The degree of freedom is isoform length l_i − 1. The higher value of χ² indicates that observed read coverage deviates more from uniform read distribution. We calculated χ² for each isoform, then divided them into two categories based on median of the corresponding measure (less uniform: χ² > median, more uniform χ² < median) to evaluate the impact of read coverage distribution on isoform expression quantification.

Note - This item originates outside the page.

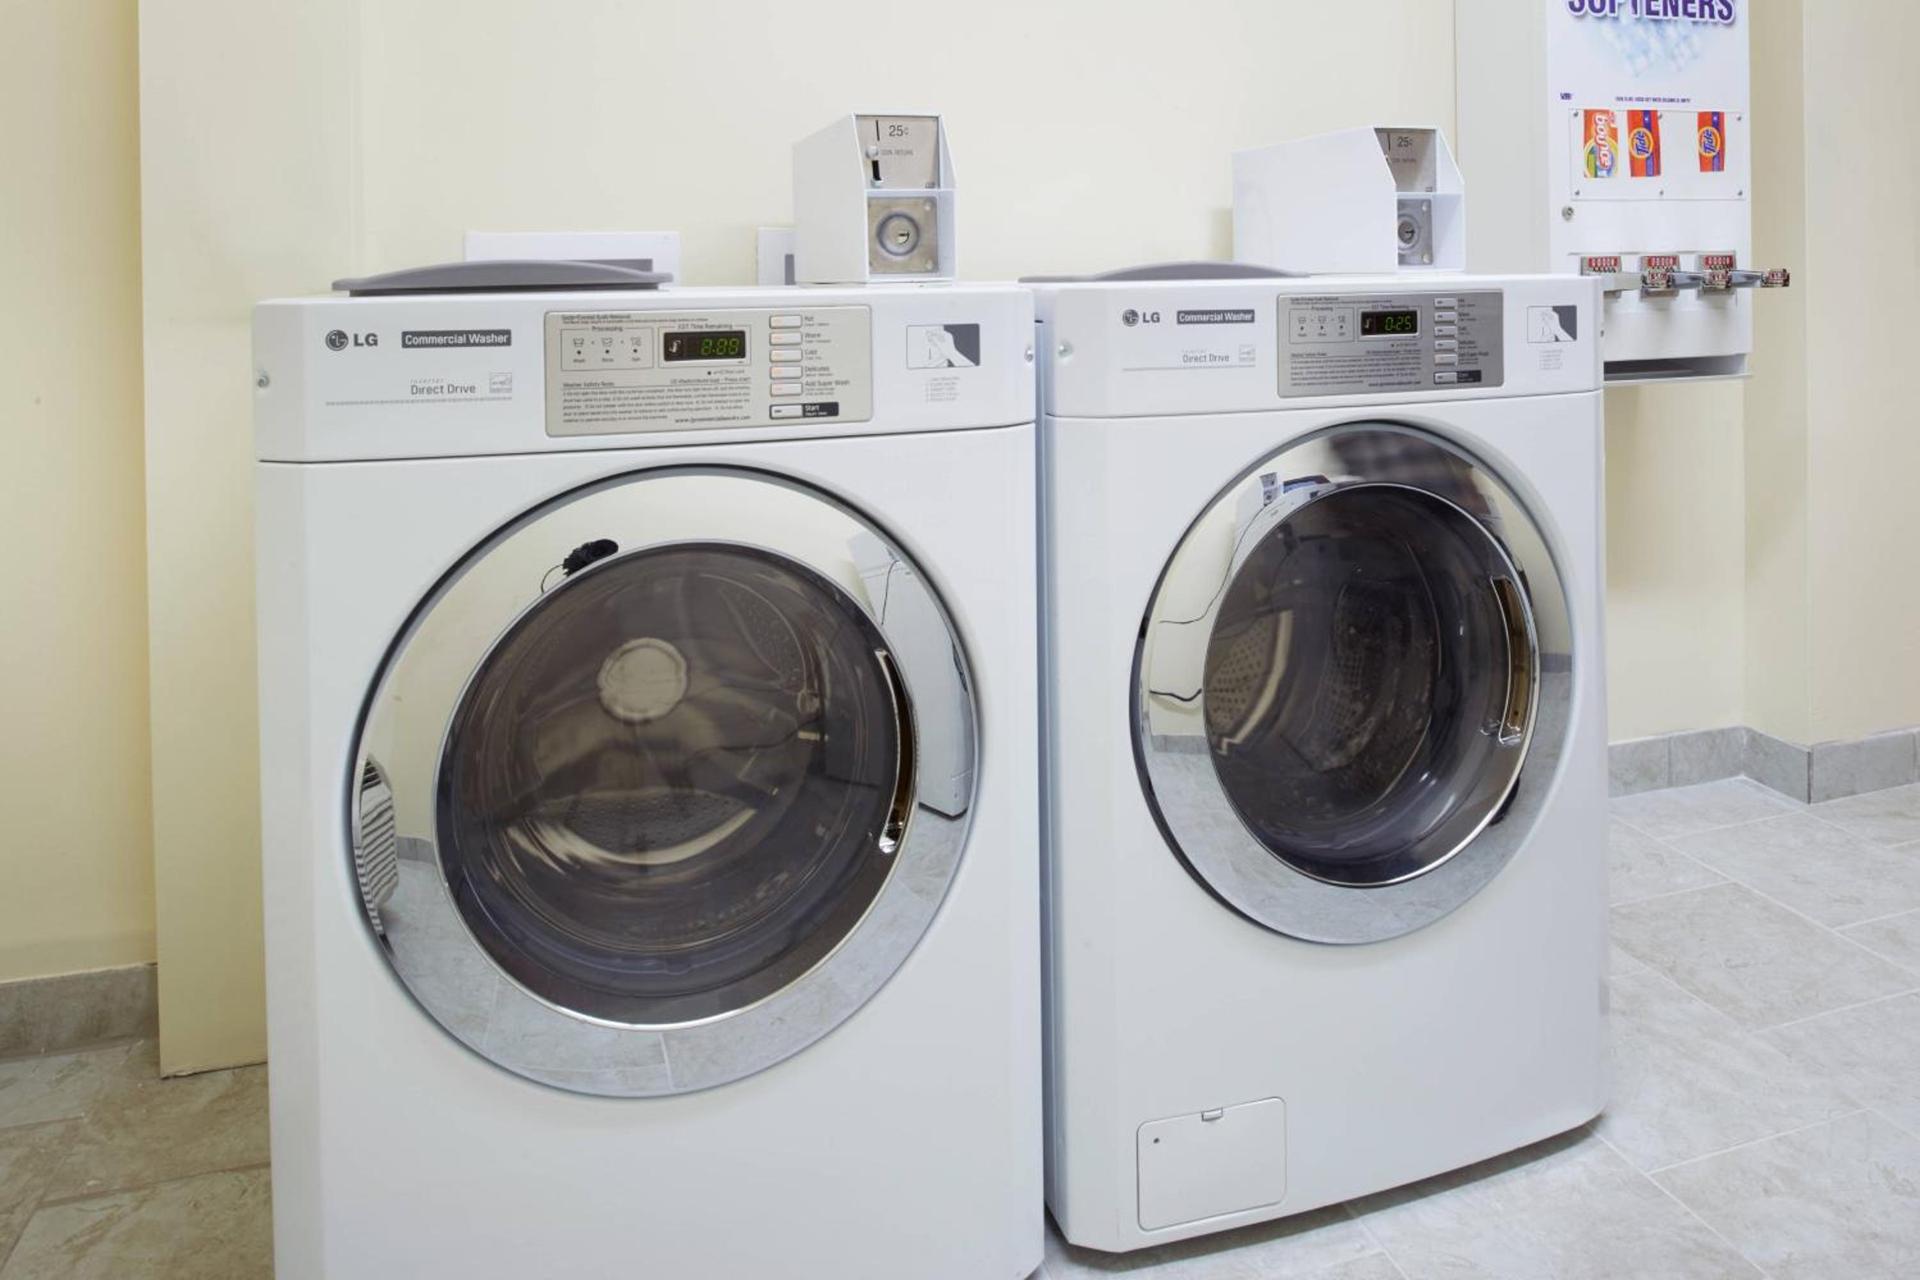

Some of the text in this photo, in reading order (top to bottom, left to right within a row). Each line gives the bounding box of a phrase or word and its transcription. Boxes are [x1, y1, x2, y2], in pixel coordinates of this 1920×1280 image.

Statistical test to compare performance of different methods

We simulated ONT RNA-seq data 20 times to assess the statistical significance when comparing the performance of different methods. Each dataset includes 5 million (5 M) reads. We also down-sampled 3 million (3 M), 1 million (1 M), and 0.5 million (0.5 M) reads for the simulated data to evaluate the impact of sequencing depth on performance improvement of LIQA. We ran all methods with the same set of simulated aligned data in BAM format as input and calculated Spearman’s correlation of TPM and relative abundance between true and estimated values. Based on this metric from 20 simulated datasets, we conducted pairwise comparison of performance difference between all methods using paired Z-test. Mean difference, standard deviations, test statistics, and P values were calculated. Moreover, we conducted likelihood ratio test to compare different models of LIQA (full model, read length model, read quality model). Likelihood ratio test statistic Q =  − 2(logL_B − log L_A), where L is the optimized likelihood function based on different models.

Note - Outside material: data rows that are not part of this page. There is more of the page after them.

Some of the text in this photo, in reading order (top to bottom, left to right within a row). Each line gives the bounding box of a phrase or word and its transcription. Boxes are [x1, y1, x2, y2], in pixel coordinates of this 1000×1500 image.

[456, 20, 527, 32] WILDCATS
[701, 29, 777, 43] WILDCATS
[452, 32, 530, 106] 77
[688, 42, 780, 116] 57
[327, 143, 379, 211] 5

Availability of data and materials

LIQA is freely available at https://github.com/WGLab/LIQA under GPLv3 license [57]. The direct mRNA sequencing data on UHR has been deposited and available at Gene Expression Omnibus (PRJNA639366) [58]. The cDNA sequencing data on a patient with cancer has been deposited and available at Gene Expression Omnibus (PRJNA640456) [59]. The simulation data used in our study can be reproduced using code provided in the LIQA software repository and NanoSim version 2.0.0. The esophageal squamous epithelial cell PacBio RNA-seq data we applied is from Gene Expression Omnibus (PRJNA515570) [40]. Source code used in the manuscript is available via Zenodo with DOI 10.5281/zenodo.4795477 [60].

Authors’ contributions

YH and KW initiated and designed the project. YH, ML, and KW formulated the model. YH developed and implemented the algorithm. LF performed long-read sequencing experiment and data processing. XC and JFZ prepared cancer sample for sequencing. YH, ML, and KW conducted the analysis and wrote the manuscript. All authors read and approved the final manuscript.

Funding

This study is supported by NIH/NIGMS grant GM132713 and the CHOP Research Institute.

Declarations

Ethics approval and consent to participate

The genomic study on patients with acute myeloid leukemia was carried out under IRB-approved protocol (# HS-20-00223). The patient has given written informed consent for publication. The experimental methods comply with the Helsinki Declaration.

Consent for publication

Not applicable.

Competing interests

The authors declare that they have no competing interests.